> _YOUR INSTRUCTIONS_: The line containing "this 1280×1848 image." marks the start; return it and every line after it in the listing below, exactly, through the last.

> _INFORMATION GIVEN_:
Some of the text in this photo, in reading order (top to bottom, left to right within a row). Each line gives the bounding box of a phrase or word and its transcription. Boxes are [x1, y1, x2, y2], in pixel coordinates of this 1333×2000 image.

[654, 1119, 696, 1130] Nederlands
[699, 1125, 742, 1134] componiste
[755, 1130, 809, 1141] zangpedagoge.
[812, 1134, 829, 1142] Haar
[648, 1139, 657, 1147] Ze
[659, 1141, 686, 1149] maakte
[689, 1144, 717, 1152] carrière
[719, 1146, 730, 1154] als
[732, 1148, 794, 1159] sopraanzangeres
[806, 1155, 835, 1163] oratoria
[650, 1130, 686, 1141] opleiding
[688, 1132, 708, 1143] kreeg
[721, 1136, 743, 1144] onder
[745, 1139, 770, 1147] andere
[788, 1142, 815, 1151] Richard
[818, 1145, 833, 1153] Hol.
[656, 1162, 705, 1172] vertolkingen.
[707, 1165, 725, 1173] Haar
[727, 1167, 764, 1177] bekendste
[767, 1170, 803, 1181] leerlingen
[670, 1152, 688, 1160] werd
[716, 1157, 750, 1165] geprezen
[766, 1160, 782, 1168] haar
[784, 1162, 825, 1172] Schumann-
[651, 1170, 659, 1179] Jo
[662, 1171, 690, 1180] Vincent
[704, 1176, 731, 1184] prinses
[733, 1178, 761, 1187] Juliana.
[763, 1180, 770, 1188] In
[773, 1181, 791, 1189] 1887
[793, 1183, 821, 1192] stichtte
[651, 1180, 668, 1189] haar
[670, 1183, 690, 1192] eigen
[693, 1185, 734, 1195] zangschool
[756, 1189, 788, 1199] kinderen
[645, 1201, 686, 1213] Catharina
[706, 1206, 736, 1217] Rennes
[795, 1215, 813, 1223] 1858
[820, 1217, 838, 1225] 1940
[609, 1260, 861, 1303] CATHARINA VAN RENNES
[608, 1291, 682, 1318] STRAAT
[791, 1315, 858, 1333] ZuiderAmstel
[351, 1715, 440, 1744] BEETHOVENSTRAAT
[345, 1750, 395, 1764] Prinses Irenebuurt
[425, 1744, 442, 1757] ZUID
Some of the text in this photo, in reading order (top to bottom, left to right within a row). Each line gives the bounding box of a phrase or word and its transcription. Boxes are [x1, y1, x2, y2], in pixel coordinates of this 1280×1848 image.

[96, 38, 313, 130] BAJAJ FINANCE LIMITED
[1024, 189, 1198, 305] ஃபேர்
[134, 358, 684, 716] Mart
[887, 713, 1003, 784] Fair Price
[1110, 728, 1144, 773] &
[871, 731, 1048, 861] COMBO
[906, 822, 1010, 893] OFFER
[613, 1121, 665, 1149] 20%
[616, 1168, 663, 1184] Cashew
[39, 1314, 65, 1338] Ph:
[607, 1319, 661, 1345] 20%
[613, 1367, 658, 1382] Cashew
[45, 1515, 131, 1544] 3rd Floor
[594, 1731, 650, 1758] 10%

> _PROBLEM SOLUTION_:
Some of the text in this photo, in reading order (top to bottom, left to right within a row). Each line gives the bounding box of a phrase or word and its transcription. Boxes are [x1, y1, x2, y2], in pixel coordinates of this 1280×1848 image.

[96, 38, 313, 130] BAJAJ FINANCE LIMITED
[1024, 189, 1198, 305] ஃபேர்
[134, 358, 684, 716] Mart
[887, 713, 1003, 784] Fair Price
[1110, 728, 1144, 773] &
[871, 731, 1048, 861] COMBO
[906, 822, 1010, 893] OFFER
[613, 1121, 665, 1149] 20%
[616, 1168, 663, 1184] Cashew
[39, 1314, 65, 1338] Ph:
[607, 1319, 661, 1345] 20%
[613, 1367, 658, 1382] Cashew
[45, 1515, 131, 1544] 3rd Floor
[594, 1731, 650, 1758] 10%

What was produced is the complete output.